“I behold,” said the General, “a business man of great ability and great wealth, who discovers too late that his wife is unequally yoked with an unbeliever. Love abides not in his home, and his heart is afloat on the fierce, rolling sea. He leaves his abode in the country, and seeks in the tumultuous life of the metropolis to drown his disappointments. He there discovers a beautiful woman, cast in Nature’s finest mould, and finds himself, for the first time, matched. Gently this heavenly creature repels him, though her heart yearns toward him with unmistakable tenderness. She is a prudent woman. She has a position to maintain. She is alone. She is a friend to the wife of this unfortunate gentleman. She is hindered in many ways from giving rein to the impulses of her heart. This man of wealth deposits a magnificent sum in Europe. This lady goes thither for health and amusement, and draws upon this sum at will. She travels from capital to capital, or hides herself in Alpine villages, but is found at last by him who has laid his wealth at her feet.”
The General revealed his vision with occasional glances through half-closed eyes at the face that hung bowed before him. It was a desperate step, but he had determined to take it when he entered the house. Humiliated, tormented, angry, Mrs. Dillingham sat before him, covering from his sight as well as she could the passion that raged within her. She knew that she had invited the insult. She was conscious that her treatment of him, from the first, though she had endeavored to change her relations with him without breaking his friendship, had nursed his base passion and his guilty purpose. She was undergoing a just punishment, and acknowledged to herself the fact. Once she would have delighted in tormenting him. Once she would not have hesitated to drive him from her door. Once—but she was changed. A little boy who had learned to regard her as a mother, was thinking of her in the distant woods. She had fastened to that childish life the hungry instincts of her motherly nature. She had turned away forever from all that could dishonor the lad, or hinder her from receiving his affection without an upbraiding conscience.

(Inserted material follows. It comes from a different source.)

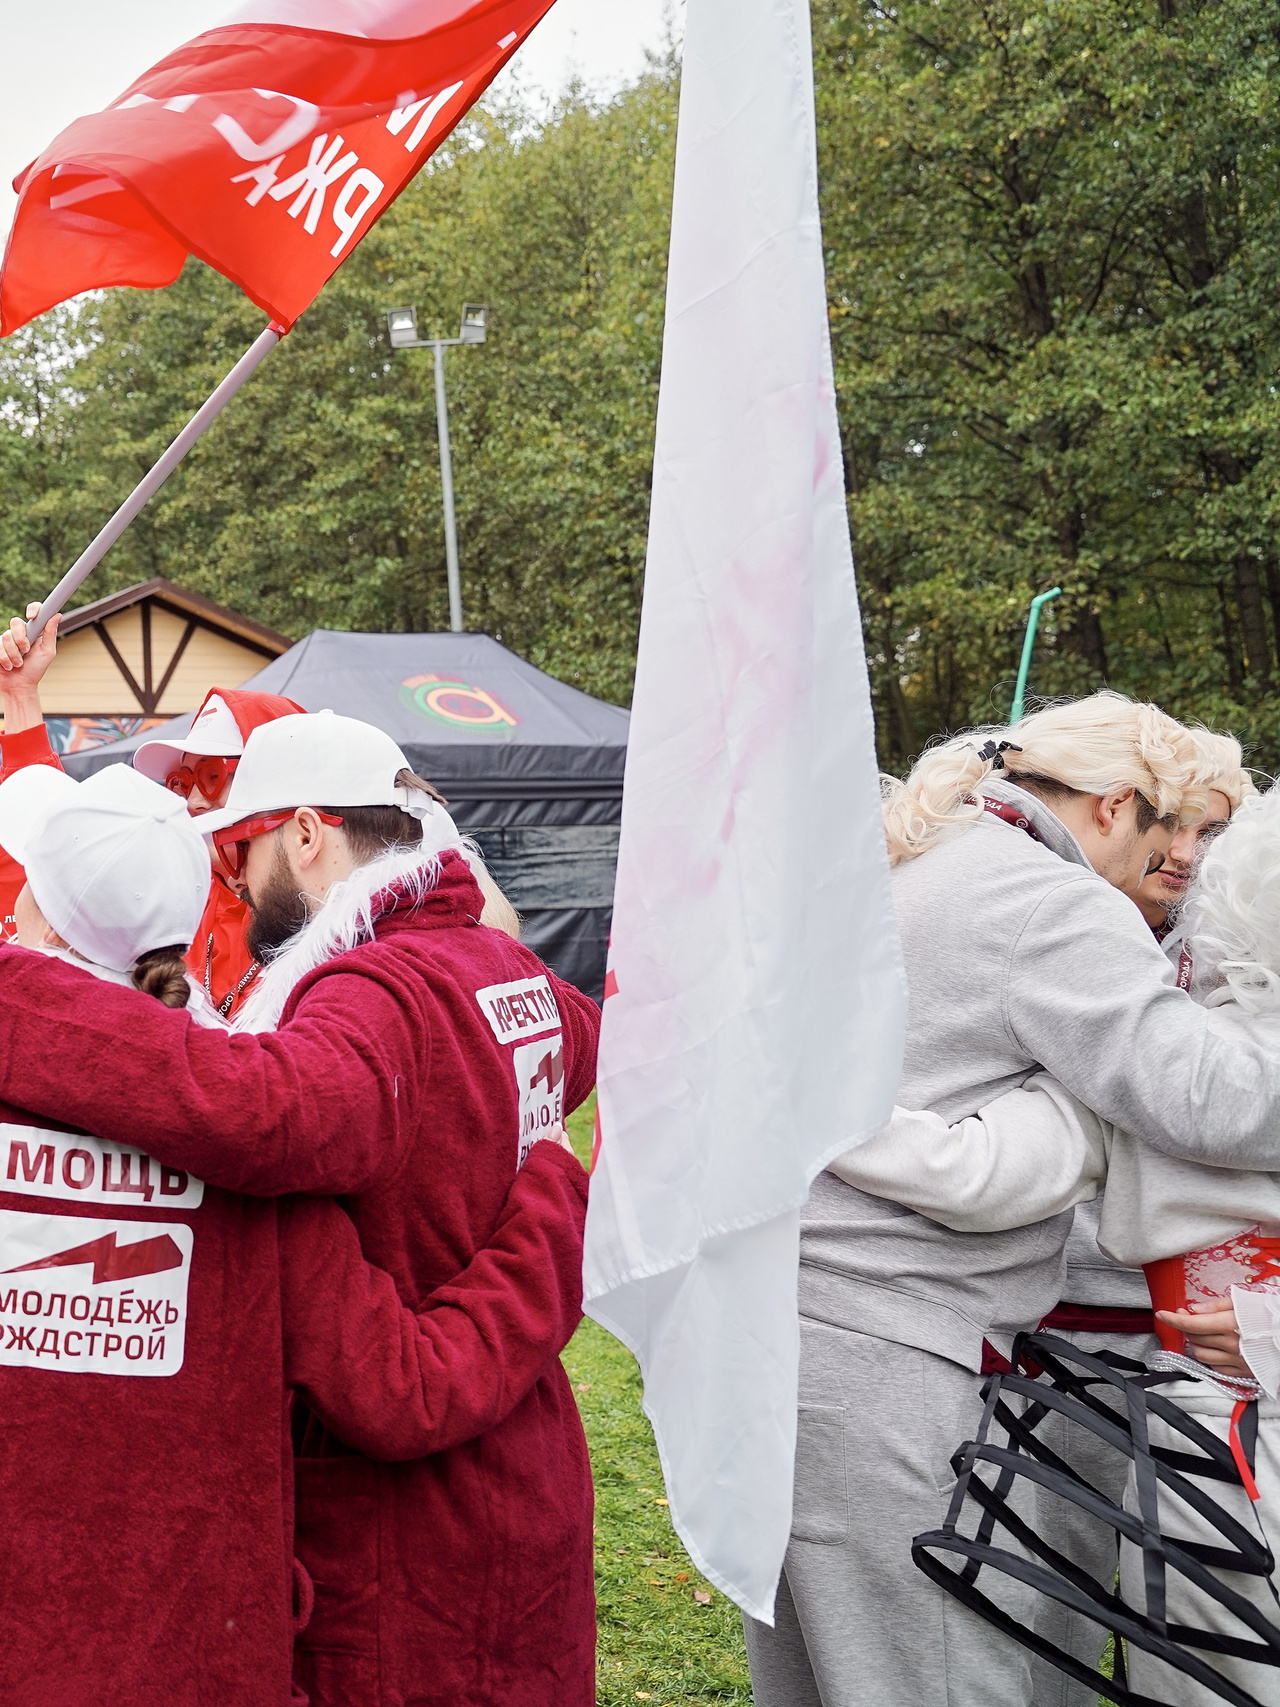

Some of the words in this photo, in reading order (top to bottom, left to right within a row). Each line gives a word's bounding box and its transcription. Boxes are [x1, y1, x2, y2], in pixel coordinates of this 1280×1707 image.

[4, 914, 17, 924] ЛЕ
[1180, 961, 1191, 988] ОРОДА
[6, 1140, 189, 1202] МОЩЬ

Mr. Belcher’s instincts were quick enough to see that his vision had not prospered in the mind to which he had revealed it; and yet, there was a hesitation in the manner of the woman before him which he could not explain to himself, if he admitted that his proposition had been wholly offensive. Mrs. Dillingham’s only wish was to get him out of the house. If she could accomplish this without further humiliation, it was all she desired.
“General,” she said, at last, “You must have been drinking. I do not think you know what you have said to me.”
“On the contrary, I am perfectly sober,” said he, rising and approaching her.
“You must not come near me. Give me time! give me time!” she exclaimed, rising and retreating.